G6PD in RBC is released by lysing agent of reagent kit. G6PD of red cells catalyzes the glucose 6 phosphate with reduction of NADP to NADPH. The rate of reduction of NADP to NADPH is measured as increased absorbance at 340 nano meters which is proportional to the G6PD activity. Normal G6PD results varied between 339 and 500 mU/10^9 as per our laboratory reference.

Follow up for G6PD deficient neonates

In Qatar, its routine to have G6PD screening test for all babies from cord blood sample. In few hours, the results usually available and if found deficient, close monitoring with transcutaneous bilirubin will be initiated. A dedicated G6PD screening team will follow up the results and educate the family regarding the results and follow up plans. American Academy of Pediatrics Subcommittee on Hyperbilirubinemia 2004 guidelines will be followed for the subsequent management and follow up of hyperbilirubinemia. When transcutaneous bilirubin is within the safe zone, babies will be discharged with follow up in a dedicated bilirubin clinic under the G6PD screening team who is maintaining a logbook of all G6PD deficient babies. Usually these babies are followed in bilirubin clinic for one week or till transcutaneous bilirubin falls within the safe zone.

Phototherapy criteria

All neonates with G6PD deficiency identified through cord blood screening were observed in the postnatal ward for a minimum of 24 h, during which their jaundice levels were monitored using a transcutaneous bilirubinometer. Phototherapy was administered in accordance with the standard guidelines of the American Academy of Pediatrics Subcommittee on Hyperbilirubinemia from 2004 [17]. Transcutaneous bilirubin levels close to the phototherapy threshold according to the phototherapy chart, will be confirmed by serum bilirubin.

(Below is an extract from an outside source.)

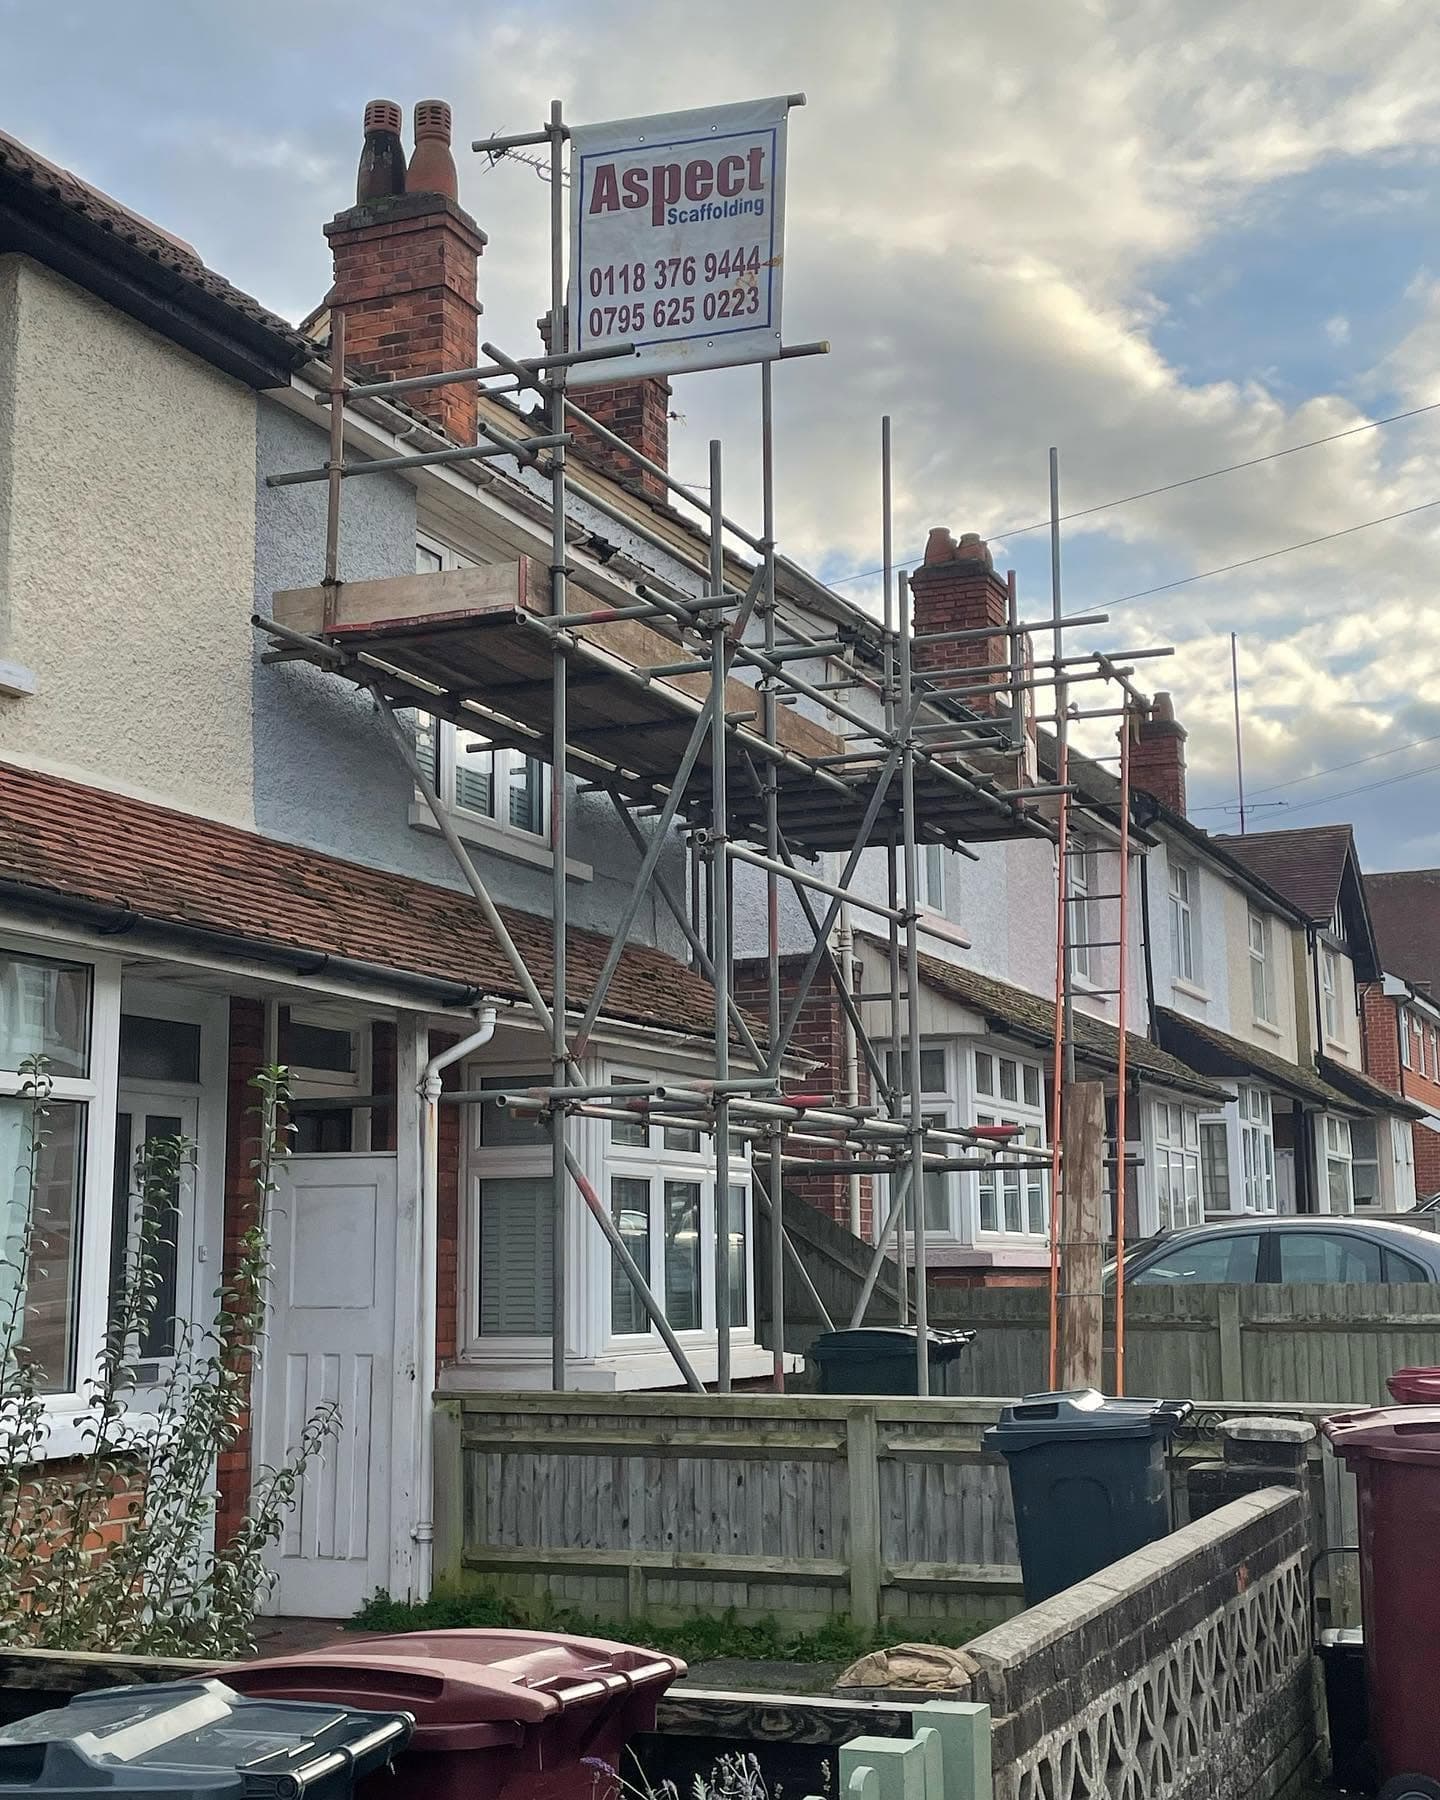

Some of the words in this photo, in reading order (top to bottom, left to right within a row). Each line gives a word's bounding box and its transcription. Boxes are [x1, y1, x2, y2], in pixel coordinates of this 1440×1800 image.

Data collection and confidentiality

Data were extracted from our electronic documentation system, Cerner software, and collected in an Excel sheet. There was no direct interaction with human subjects, and the identity of the research subjects was not disclosed. Each patient was assigned a unique code, and all codes were securely stored in a computer system. The link between these codes and individual identifiers was deleted at the conclusion of the study, and the data will be kept in a secure locker for five years. Only the principal investigator will have access to this data, and subject identifiers will not be shared outside of the Hamad Medical Corporation.

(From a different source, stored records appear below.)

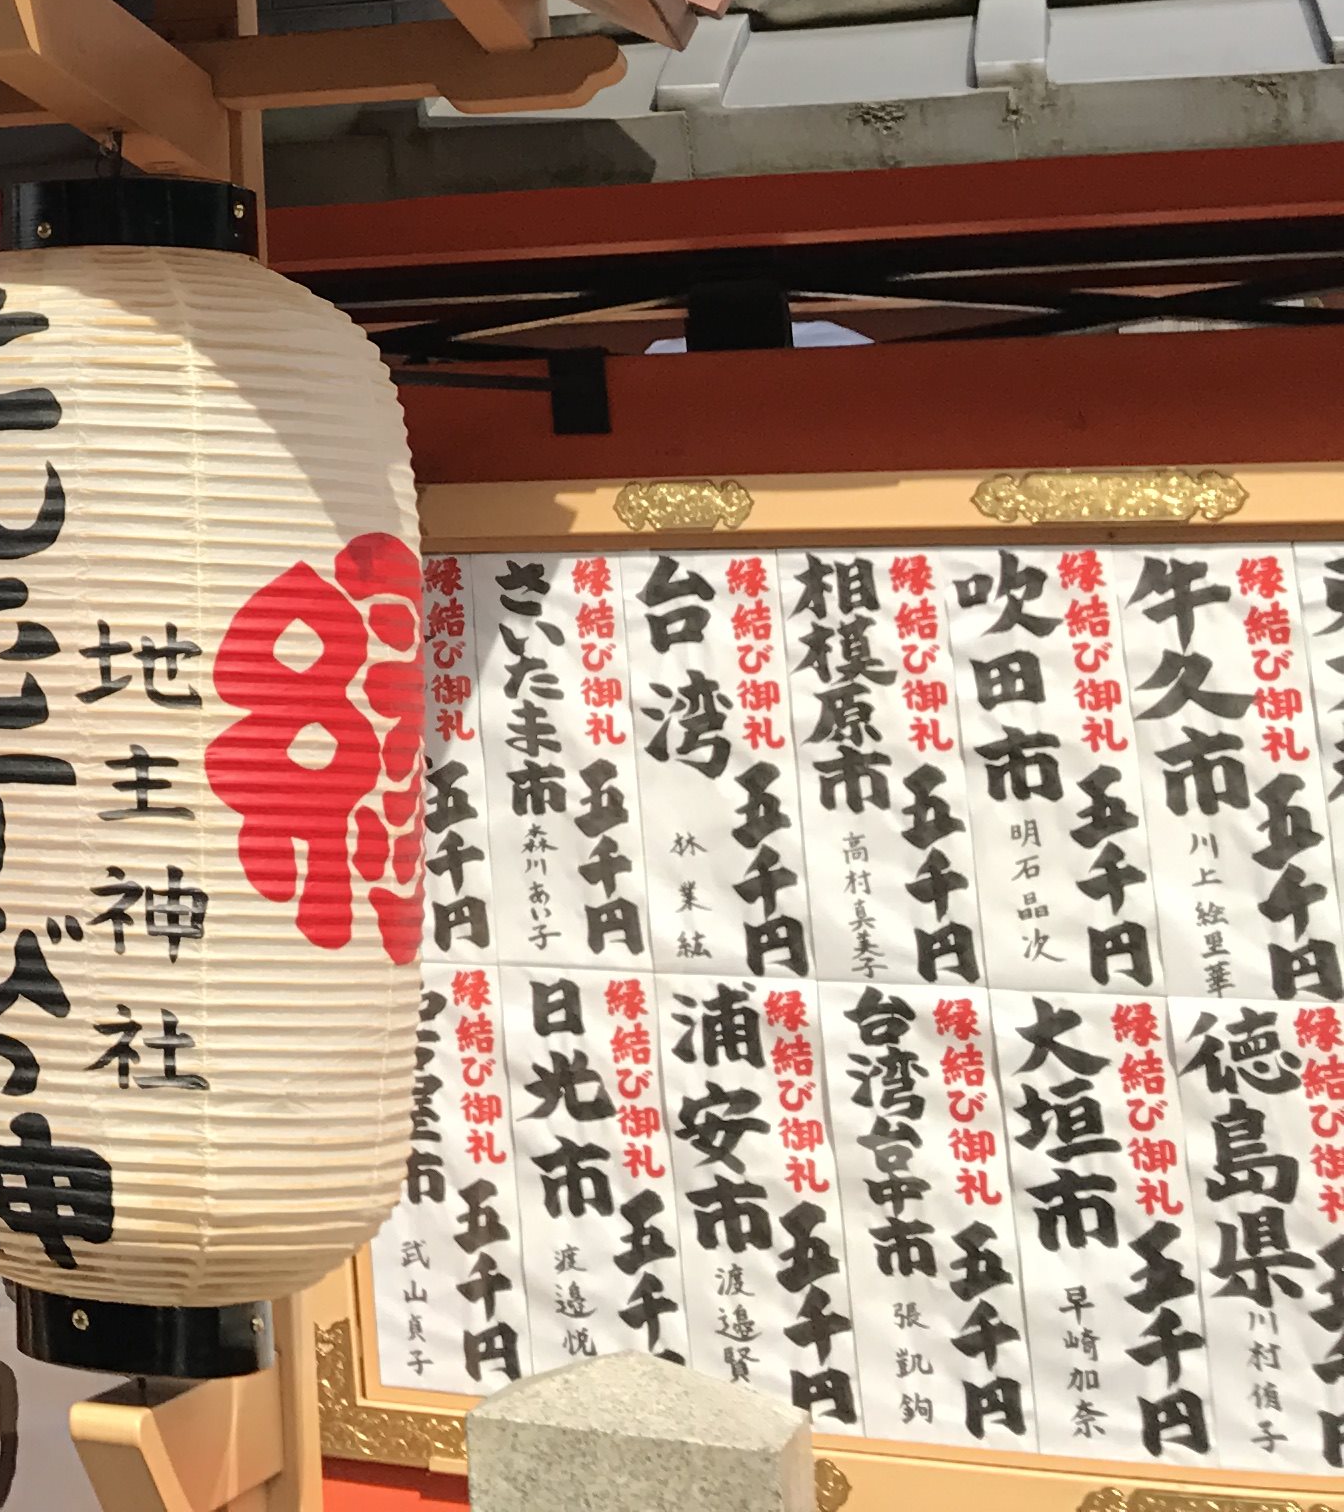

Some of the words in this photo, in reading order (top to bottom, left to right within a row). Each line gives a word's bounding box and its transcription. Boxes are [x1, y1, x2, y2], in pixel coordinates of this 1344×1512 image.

[423, 557, 475, 743] 縁結び御礼
[494, 560, 567, 816] さいたま市
[572, 556, 626, 745] 縁結び御礼
[637, 555, 734, 780] 台湾
[726, 557, 785, 750] 縁結び御礼
[789, 552, 897, 814] 相模原市
[889, 554, 954, 754] 縁結び御礼
[952, 549, 1064, 803] 吹田市
[1010, 819, 1067, 962] 明石晶次
[1057, 549, 1128, 753] 縁結び御礼
[1125, 556, 1254, 817] 牛久市
[1236, 555, 1310, 764] 縁結び御礼
[78, 620, 211, 1091] 地主神社
[425, 759, 490, 952] 五千円
[521, 823, 561, 951] 森川あい子
[574, 758, 645, 956] 五千円
[732, 760, 810, 978] 五千円
[901, 763, 980, 984] 五千円
[1069, 764, 1153, 987] 五千円
[1252, 773, 1344, 1001] 五千円
[452, 970, 507, 1164] 縁結び御礼
[516, 978, 614, 1218] 日光市
[604, 978, 666, 1178] 縁結び御礼
[672, 981, 773, 1253] 浦安市
[764, 990, 831, 1193] 縁結び御礼
[844, 985, 937, 1277] 台湾台中市
[933, 998, 1002, 1206] 縁結び御礼
[1012, 996, 1122, 1251] 大垣市
[1111, 1002, 1183, 1215] 縁結び御礼
[1179, 1007, 1316, 1307] 徳島県
[453, 1179, 522, 1382] 五千円
[614, 1188, 686, 1366] 五千
[776, 1201, 859, 1424] 五千円
[949, 1221, 1027, 1438] 五千円
[1059, 1285, 1108, 1438] 早崎加奈
[1125, 1220, 1210, 1457] 五千円

This study adhered to the principles of the Declaration of Helsinki, Good Clinical Practice, and complied with the laws and regulations of the Ministry of Public Health (MOPH) in Qatar. It received approval from the institutional review board and ethical committee of the Medical Research Center, HMC, Qatar, with the protocol number MRC-01-23-039. Since this was a retrospective data collection study with no recruitment of subjects, informed consent was not required and was waived by the institutional review board and ethical committee. Reporting of this study followed the STROBE guidelines.

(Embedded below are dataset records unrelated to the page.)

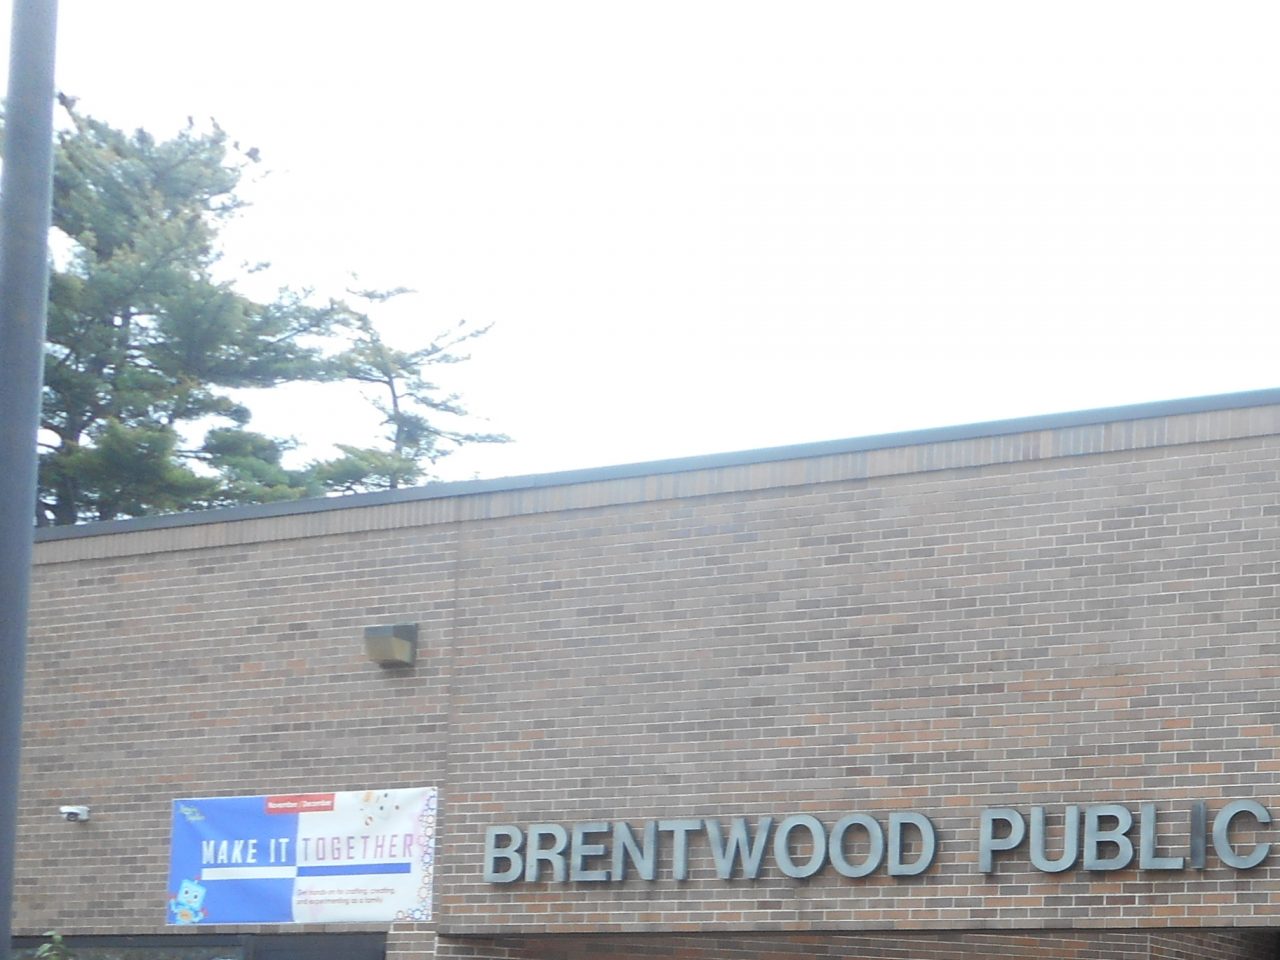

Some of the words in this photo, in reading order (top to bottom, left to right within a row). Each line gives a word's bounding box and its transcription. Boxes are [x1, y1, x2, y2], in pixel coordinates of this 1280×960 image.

[201, 839, 257, 864] MAKE
[270, 838, 290, 863] IT
[302, 834, 413, 862] TOGETHER
[483, 811, 937, 885] BRENTWOOD
[979, 801, 1272, 874] PUBLIC

Statistical considerations and data analysis

Anonymous data were collected and entered into a standard electronic database designed for the study and its objectives. Descriptive statistics were used to summarize demographic, laboratory, clinical, and other characteristics of both the patients and their mothers. Mean and standard deviation or frequencies and percentages were used for reporting data and results. The primary outcome variable was neonatal jaundice among G6PD-deficient neonates. Associations between two or more qualitative variables were assessed using the chi-square (χ2) test or Fisher exact test. The mean of quantitative variables between two independent groups was analyzed using the unpaired t-test. The relationship between neonatal jaundice and various risk factors such as sex, G6PD level, gestational age, birth weight, etc., was estimated by deriving adjusted odds ratios (ORs) and confidence intervals from logistic regression models. All presented P values are two-tailed, and P values < 0.05 were considered statistically significant. Statistical analyses were performed using the SPSS 27.0 software (SPSS Inc., Chicago, IL) and Epi-info software (Centers for Disease Control and Prevention, Atlanta, GA).”